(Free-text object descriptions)

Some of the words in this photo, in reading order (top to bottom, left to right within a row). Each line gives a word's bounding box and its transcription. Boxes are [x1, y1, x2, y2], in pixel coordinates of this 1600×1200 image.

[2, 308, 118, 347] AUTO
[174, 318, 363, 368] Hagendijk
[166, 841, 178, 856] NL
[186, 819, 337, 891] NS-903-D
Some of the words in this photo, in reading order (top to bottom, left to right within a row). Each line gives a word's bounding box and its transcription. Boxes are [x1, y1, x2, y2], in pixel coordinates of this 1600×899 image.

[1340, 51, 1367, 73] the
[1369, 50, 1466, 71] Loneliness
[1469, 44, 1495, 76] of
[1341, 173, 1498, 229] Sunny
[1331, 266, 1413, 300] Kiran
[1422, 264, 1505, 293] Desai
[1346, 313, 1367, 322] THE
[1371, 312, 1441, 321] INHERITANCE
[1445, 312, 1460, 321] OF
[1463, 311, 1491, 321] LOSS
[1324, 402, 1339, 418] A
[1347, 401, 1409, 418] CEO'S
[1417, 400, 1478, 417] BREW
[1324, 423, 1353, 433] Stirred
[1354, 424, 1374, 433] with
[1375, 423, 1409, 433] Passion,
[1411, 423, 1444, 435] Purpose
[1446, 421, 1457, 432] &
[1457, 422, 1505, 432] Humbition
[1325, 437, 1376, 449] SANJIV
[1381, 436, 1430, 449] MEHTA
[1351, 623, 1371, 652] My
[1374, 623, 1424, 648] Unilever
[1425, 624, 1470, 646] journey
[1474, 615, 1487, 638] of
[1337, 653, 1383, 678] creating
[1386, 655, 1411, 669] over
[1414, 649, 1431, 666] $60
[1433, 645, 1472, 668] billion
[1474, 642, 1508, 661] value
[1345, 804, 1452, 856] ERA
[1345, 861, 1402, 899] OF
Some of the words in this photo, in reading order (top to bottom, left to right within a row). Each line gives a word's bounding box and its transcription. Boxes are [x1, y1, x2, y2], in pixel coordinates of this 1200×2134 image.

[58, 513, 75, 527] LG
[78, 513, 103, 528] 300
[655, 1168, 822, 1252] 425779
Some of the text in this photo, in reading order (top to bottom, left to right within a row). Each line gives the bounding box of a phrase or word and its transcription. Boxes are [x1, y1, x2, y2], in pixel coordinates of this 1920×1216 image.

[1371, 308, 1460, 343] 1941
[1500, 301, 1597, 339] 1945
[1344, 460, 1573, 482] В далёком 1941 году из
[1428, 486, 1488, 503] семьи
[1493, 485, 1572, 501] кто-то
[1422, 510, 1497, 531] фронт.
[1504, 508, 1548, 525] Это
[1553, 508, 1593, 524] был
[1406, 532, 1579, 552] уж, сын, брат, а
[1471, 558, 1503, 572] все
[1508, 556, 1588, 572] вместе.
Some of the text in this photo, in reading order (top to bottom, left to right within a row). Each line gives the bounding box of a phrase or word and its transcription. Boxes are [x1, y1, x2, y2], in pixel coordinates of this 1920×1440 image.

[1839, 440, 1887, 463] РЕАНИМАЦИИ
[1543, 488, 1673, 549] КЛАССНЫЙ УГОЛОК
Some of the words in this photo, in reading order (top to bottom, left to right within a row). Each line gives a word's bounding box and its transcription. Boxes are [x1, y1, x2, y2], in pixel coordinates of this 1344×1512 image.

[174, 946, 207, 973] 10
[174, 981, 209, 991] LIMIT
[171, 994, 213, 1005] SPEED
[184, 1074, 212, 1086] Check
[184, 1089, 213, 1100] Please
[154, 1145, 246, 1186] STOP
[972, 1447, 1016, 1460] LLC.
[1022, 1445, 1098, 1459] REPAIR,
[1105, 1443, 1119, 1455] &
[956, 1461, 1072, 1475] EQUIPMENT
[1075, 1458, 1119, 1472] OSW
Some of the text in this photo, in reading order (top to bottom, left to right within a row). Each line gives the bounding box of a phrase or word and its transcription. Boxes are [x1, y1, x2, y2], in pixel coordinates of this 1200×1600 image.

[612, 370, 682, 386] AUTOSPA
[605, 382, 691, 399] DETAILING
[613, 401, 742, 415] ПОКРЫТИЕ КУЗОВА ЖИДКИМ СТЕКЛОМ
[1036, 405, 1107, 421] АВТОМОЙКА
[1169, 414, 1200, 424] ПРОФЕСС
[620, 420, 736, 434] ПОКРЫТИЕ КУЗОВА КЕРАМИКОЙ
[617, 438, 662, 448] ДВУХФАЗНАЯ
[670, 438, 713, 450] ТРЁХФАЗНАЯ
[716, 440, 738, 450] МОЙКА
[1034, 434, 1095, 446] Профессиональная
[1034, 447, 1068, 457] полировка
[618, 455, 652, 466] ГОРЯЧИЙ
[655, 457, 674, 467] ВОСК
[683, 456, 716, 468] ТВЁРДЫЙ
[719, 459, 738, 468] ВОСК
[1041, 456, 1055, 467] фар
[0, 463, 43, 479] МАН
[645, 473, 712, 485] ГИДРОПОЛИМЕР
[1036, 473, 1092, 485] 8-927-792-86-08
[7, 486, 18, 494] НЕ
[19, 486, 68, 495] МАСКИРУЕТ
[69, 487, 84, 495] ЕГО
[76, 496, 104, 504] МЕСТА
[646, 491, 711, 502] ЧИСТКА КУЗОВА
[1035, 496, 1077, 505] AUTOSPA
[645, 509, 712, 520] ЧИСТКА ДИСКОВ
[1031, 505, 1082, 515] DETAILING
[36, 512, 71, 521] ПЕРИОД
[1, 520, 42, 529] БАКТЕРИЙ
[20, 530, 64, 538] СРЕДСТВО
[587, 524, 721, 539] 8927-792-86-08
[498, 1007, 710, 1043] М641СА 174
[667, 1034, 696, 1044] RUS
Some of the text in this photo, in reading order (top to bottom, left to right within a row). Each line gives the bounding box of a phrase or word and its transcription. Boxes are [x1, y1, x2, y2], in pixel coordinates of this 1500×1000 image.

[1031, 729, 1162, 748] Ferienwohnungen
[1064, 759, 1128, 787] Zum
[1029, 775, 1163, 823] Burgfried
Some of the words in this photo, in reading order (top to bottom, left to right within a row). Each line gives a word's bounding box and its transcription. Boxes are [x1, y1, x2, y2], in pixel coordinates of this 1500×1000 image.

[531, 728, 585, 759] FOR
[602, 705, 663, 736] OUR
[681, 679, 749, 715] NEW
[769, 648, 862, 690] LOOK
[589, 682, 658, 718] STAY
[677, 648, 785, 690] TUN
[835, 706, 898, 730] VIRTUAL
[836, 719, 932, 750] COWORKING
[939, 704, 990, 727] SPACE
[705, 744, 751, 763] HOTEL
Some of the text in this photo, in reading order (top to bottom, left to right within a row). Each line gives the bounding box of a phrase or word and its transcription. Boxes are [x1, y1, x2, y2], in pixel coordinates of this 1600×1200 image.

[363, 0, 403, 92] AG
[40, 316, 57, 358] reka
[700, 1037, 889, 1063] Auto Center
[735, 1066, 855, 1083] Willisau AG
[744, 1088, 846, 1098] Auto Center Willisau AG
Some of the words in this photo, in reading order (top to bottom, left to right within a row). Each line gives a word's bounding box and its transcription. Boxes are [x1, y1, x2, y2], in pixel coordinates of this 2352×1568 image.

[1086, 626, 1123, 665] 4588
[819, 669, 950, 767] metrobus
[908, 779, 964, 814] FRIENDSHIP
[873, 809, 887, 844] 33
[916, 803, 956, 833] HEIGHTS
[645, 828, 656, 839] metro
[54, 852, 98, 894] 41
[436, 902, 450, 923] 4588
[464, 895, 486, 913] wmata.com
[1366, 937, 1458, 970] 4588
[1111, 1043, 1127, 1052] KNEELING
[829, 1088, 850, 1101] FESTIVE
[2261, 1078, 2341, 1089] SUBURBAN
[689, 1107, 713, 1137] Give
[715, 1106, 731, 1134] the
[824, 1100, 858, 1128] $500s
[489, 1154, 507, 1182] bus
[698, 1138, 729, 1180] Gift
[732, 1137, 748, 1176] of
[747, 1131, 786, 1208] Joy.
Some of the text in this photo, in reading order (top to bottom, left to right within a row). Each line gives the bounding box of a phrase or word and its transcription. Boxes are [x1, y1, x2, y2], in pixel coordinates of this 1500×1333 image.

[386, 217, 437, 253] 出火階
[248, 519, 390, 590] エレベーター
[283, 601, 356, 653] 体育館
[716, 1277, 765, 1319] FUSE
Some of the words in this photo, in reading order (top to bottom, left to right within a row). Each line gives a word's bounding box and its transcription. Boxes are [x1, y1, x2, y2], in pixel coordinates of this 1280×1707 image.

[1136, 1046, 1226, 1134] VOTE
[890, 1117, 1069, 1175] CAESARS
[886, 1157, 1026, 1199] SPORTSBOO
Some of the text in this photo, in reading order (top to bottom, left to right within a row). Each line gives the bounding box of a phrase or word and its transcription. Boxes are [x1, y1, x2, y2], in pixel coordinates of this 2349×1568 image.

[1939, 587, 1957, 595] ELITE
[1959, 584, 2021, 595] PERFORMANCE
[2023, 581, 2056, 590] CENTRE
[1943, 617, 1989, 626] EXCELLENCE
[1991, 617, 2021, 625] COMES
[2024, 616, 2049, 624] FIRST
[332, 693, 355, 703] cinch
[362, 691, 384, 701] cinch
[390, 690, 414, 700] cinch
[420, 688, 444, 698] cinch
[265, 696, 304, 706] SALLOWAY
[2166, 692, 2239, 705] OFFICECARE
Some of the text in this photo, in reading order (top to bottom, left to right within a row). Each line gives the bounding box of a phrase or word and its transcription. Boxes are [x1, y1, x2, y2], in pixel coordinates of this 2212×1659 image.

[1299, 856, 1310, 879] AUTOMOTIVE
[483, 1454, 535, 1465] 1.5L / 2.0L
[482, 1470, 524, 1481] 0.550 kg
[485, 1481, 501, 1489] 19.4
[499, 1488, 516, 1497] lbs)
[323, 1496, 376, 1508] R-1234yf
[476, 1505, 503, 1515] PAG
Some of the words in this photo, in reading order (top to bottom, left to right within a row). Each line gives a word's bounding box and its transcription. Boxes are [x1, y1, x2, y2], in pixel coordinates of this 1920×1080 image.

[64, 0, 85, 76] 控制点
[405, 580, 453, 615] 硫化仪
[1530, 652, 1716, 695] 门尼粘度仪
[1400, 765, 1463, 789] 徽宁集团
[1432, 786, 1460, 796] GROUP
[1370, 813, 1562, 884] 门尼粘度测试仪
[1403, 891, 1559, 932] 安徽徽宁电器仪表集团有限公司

■ **Instructions to follow**
What is needed is an exact copy of the lines from the one containing "this 2212×1659 image." to the end of the data; please add nothing else.

■ **Solution for this exercise**
Some of the text in this photo, in reading order (top to bottom, left to right within a row). Each line gives the bounding box of a phrase or word and its transcription. Boxes are [x1, y1, x2, y2], in pixel coordinates of this 2212×1659 image.

[1299, 856, 1310, 879] AUTOMOTIVE
[483, 1454, 535, 1465] 1.5L / 2.0L
[482, 1470, 524, 1481] 0.550 kg
[485, 1481, 501, 1489] 19.4
[499, 1488, 516, 1497] lbs)
[323, 1496, 376, 1508] R-1234yf
[476, 1505, 503, 1515] PAG
Some of the words in this photo, in reading order (top to bottom, left to right within a row). Each line gives a word's bounding box and its transcription. Boxes are [x1, y1, x2, y2], in pixel coordinates of this 1920×1080 image.

[64, 0, 85, 76] 控制点
[405, 580, 453, 615] 硫化仪
[1530, 652, 1716, 695] 门尼粘度仪
[1400, 765, 1463, 789] 徽宁集团
[1432, 786, 1460, 796] GROUP
[1370, 813, 1562, 884] 门尼粘度测试仪
[1403, 891, 1559, 932] 安徽徽宁电器仪表集团有限公司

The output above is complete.